YOUR OBJECTIVE => Restate the entries below in full, exactly as they read, but without pictures.

EXCERPTED RECORDS =>
□ □ □ □ □

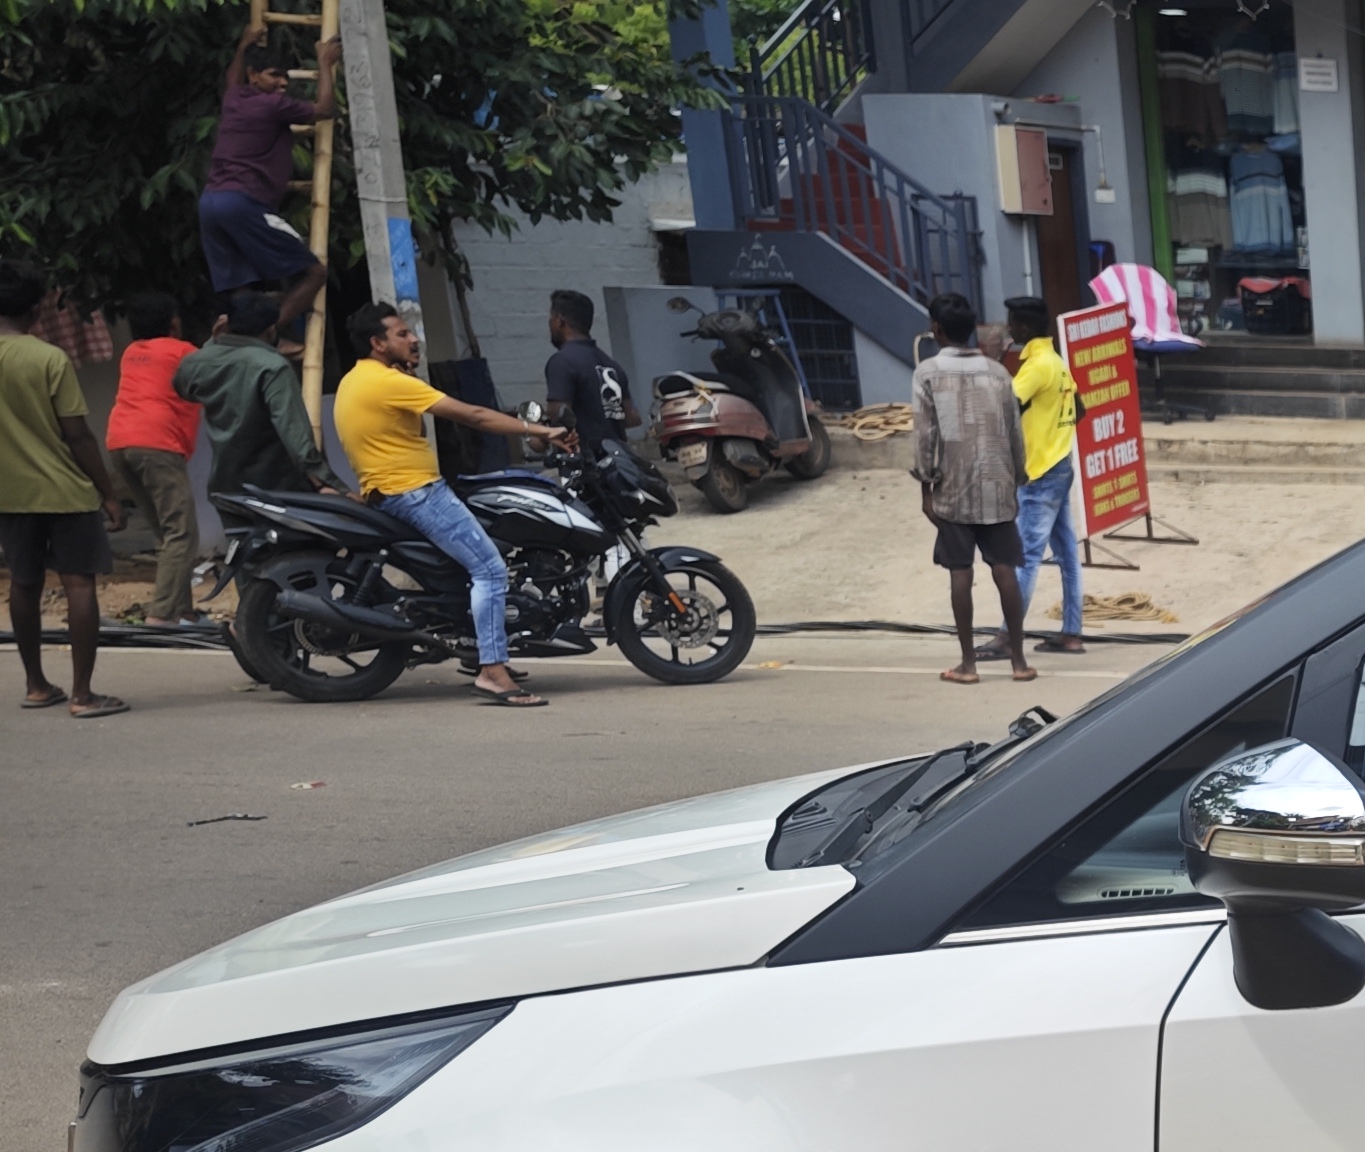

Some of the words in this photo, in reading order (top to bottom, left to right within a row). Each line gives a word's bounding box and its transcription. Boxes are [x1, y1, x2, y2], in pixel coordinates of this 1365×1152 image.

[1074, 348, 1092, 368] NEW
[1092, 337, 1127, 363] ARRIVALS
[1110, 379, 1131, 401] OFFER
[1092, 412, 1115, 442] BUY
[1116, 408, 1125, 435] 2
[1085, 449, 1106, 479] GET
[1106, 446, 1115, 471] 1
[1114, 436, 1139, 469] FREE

□ □ □ □ □

ANSWER BOX =>
Some of the words in this photo, in reading order (top to bottom, left to right within a row). Each line gives a word's bounding box and its transcription. Boxes are [x1, y1, x2, y2], in pixel coordinates of this 1365×1152 image.

[1074, 348, 1092, 368] NEW
[1092, 337, 1127, 363] ARRIVALS
[1110, 379, 1131, 401] OFFER
[1092, 412, 1115, 442] BUY
[1116, 408, 1125, 435] 2
[1085, 449, 1106, 479] GET
[1106, 446, 1115, 471] 1
[1114, 436, 1139, 469] FREE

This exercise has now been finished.